Healthy eating: Perfect partners
There are certain foods and drinks that, when eaten together, not only taste great but give you added health and nutrition benefits.
85. Eggs with salad
In one study, men who ate salad made from tomatoes and carrots absorbed between three and nine times more carotenoids from the salad when it was eaten with an egg.
86. Pork and papaya
Because pork is so lean it can be tough, so try tenderising it – and boosting the flavour – with papaya or pineapple. These fruits contain enzymes – bromelain in pineapple and papain in papaya – which split the proteins in meat, helping to make it tender.
87. Avocado and tomato
The fat in the avocado boosts the absorption of the phytochemical lycopene from tomatoes – one study found absorption was five times higher when the two were eaten together.
88. Broccoli and tomatoes
The cancer-fighting potential of tomatoes and broccoli is enhanced when the two foods are eaten together.
89. Orange juice with beans on toast
The vitamin C in orange juice will make it easier for your body to absorb iron from foods such as beans, lentils and breakfast cereals. Absorption of iron can be increased by over 50 per cent when the two foods are eaten together.
90. Get fruity
Swap some of the butter or margarine in cake and muffin recipes for fruit such as apple sauce or prune purée. Not only does it add moisture and a delicious fruity taste, it boosts the fibre content of the baked goods too. Simply replace half the amount of fat in the original recipe with the fruit purée.
91. Bigger is not always better
Cherry tomatoes contain higher levels of flavonols, antioxidants believed to help protect against heart disease, stroke and cancer, than beefsteak or normal-sized varieties.
92. Take a supplement of the sunshine vitamin during the winter
In summer the body can make vitamin D by the action of sunlight on skin, but in autumn and winter, even on a sunny day, the sun is at the wrong angle to allow the body to make this vitamin. So from September to March, take a supplement of 10mcg vitamin D per day.
93. The future is orange
One of the best things you can do to keep skin looking great is to eat lots of fruit and vegetables, particularly citrus fruits. These are a great source of vitamin C, an antioxidant that helps to neutralise free radicals, which cause ageing and wrinkling.
94. The big chill
Make soups and casseroles the day before you need them and store them overnight in the fridge. Fat will rise to the surface, making it easier for you to remove it before reheating. Plus, many dishes often taste even better the day after, as the flavours have more time to develop.
95. Soak up the fat
Blot deep-fried food with kitchen roll before serving it to remove any excess oil. Soaking up just one teaspoon of oil will save you 30cals and 3g fat!

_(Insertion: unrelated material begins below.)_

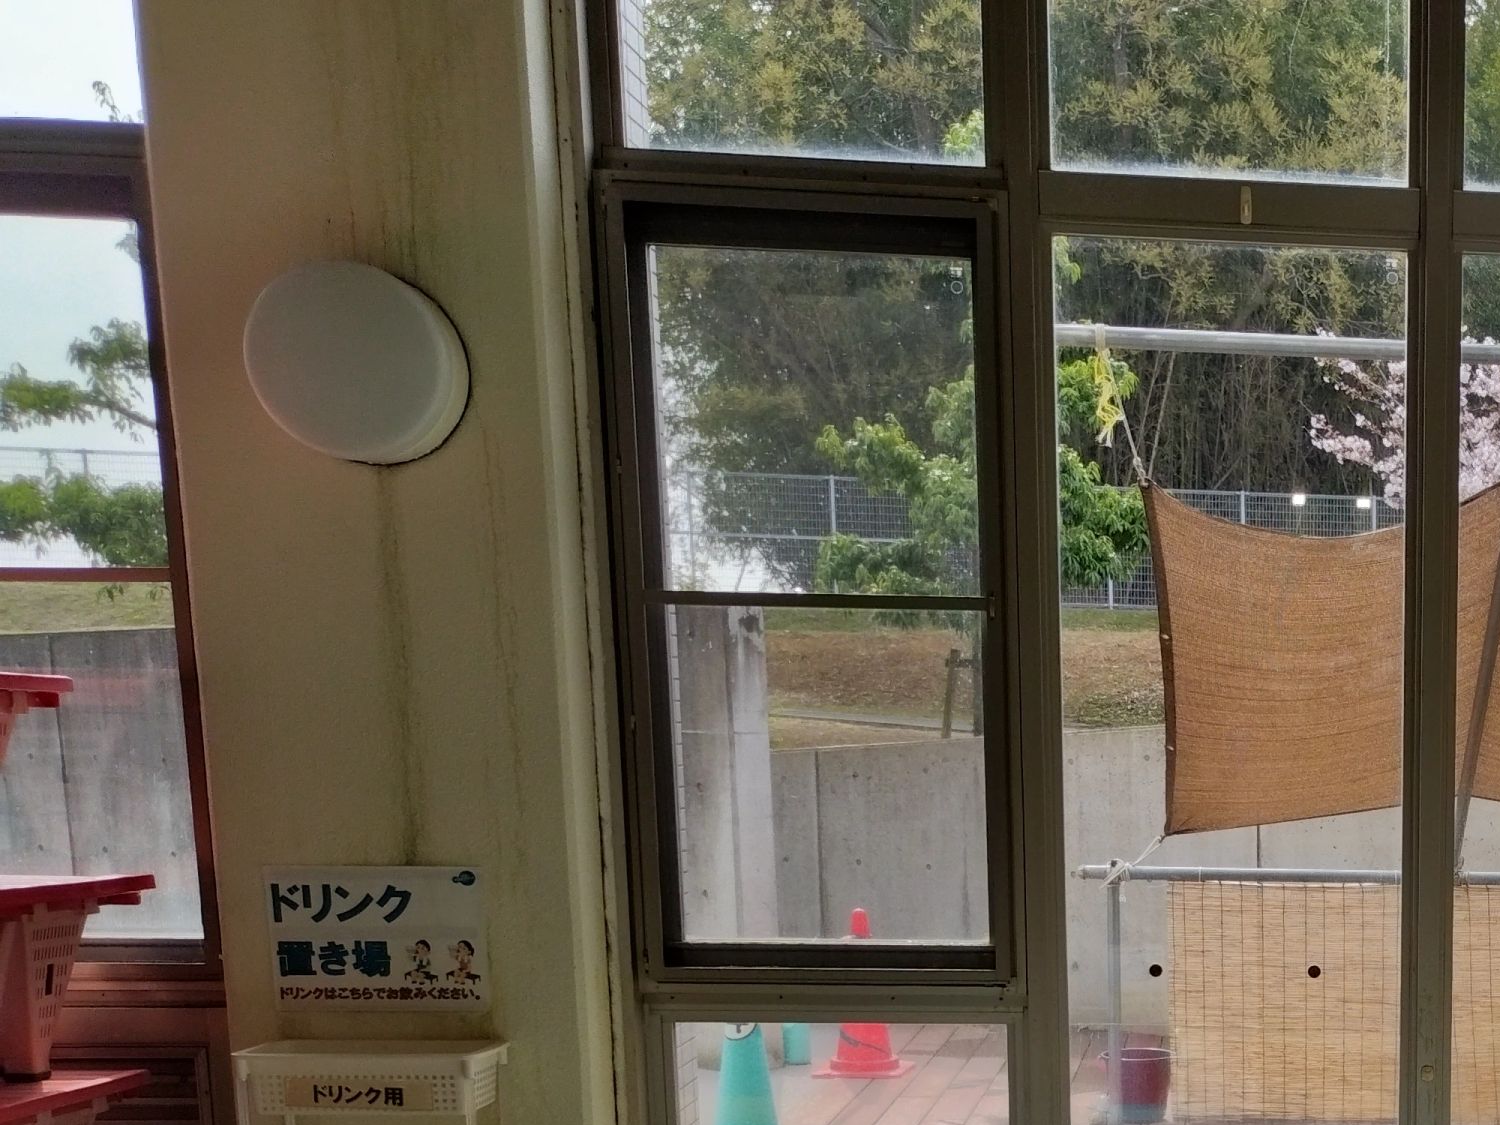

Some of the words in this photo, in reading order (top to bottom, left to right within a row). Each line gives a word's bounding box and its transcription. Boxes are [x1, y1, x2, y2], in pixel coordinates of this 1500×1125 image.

[270, 883, 412, 923] ドリンク
[276, 940, 391, 977] 置き場
[313, 1085, 403, 1106] ドリンク用
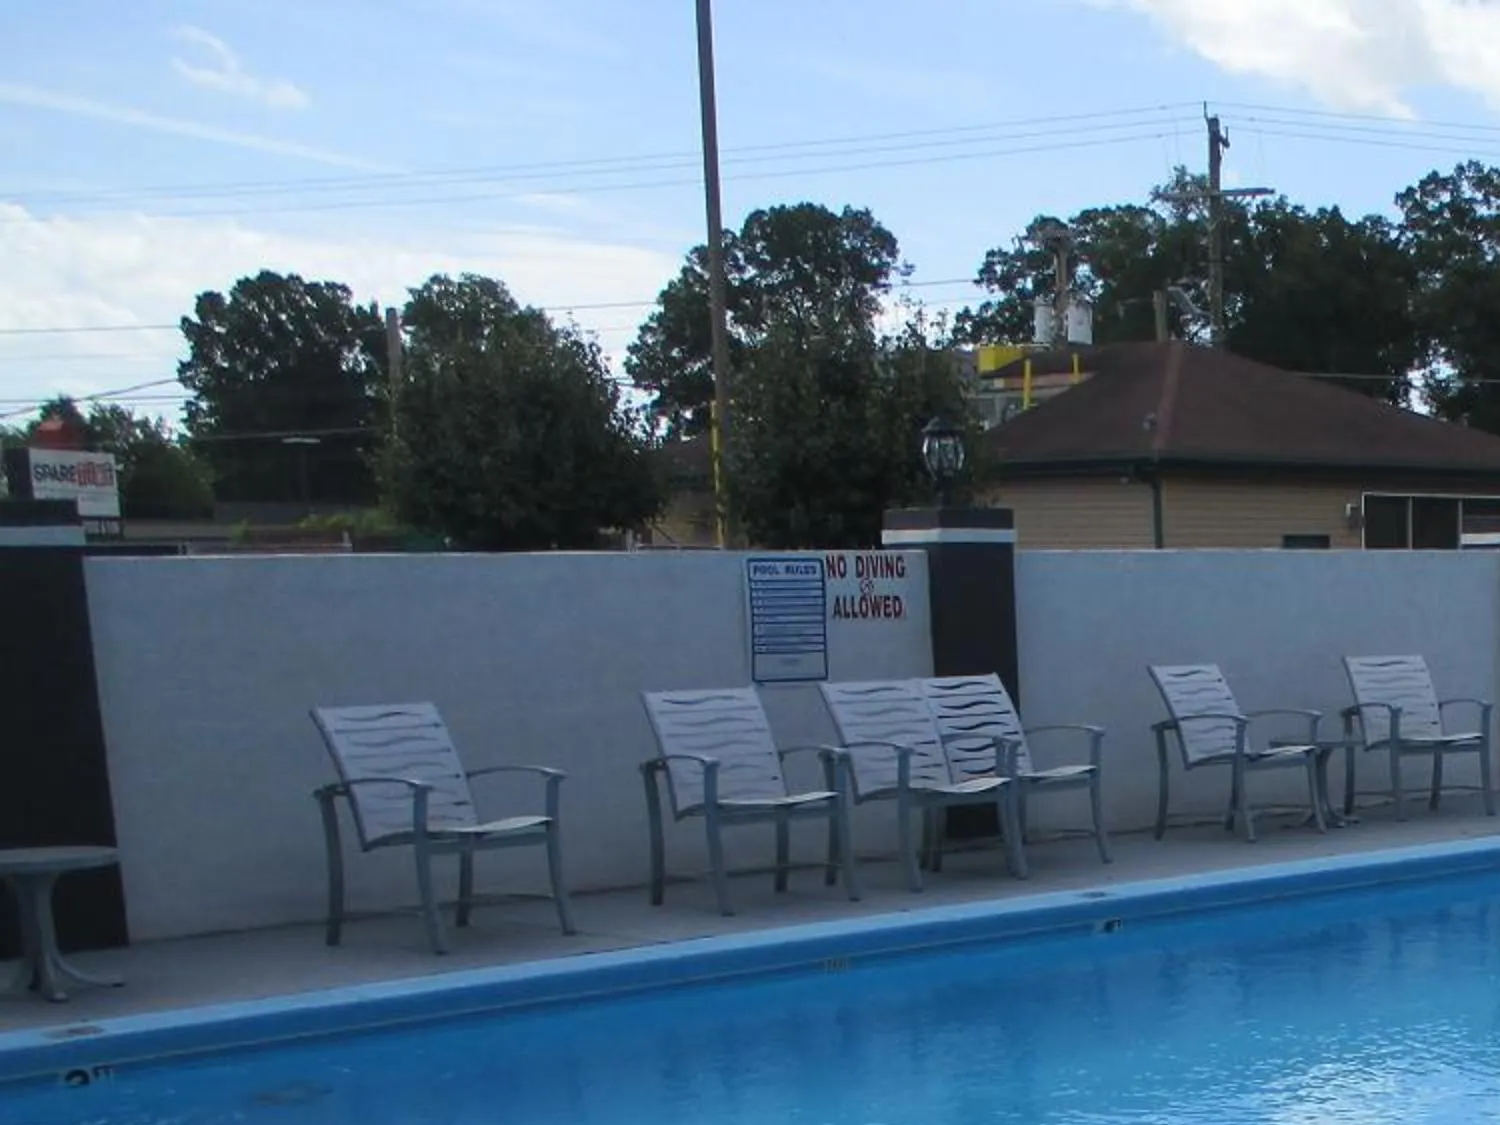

96. Take your supplements with food
Most supplements are better absorbed if you take them with a meal, especially something containing a little fat.
97. Slow down
It takes 15 minutes for your brain to receive messages from your stomach saying it’s full. If you eat quickly, you can overeat before your brain realises you’ve had enough.
98. Swap honeydew melon for watermelon
Watermelon gets its colour from lycopene, a phytochemical that helps protect against heart disease and some types of cancer.
99. Boost your good gut bacteria with fermented foods
The friendly bacteria living in our gut are vital for a healthy immune system, but the balance of good and bad bacteria is easily upset if we don’t eat the right food. Supplement yours by regularly eating fermented foods including yogurt, kefir, kombucha, kimchi and sauerkraut.
100. Don’t be afraid of the dark
Darker, more strongly flavoured salad leaves such as rocket, spinach and watercress, have higher levels of vitamins and phytochemicals than paler leaves. Watercress contains 12 times more vitamin C and three times more iron than ordinary white lettuce.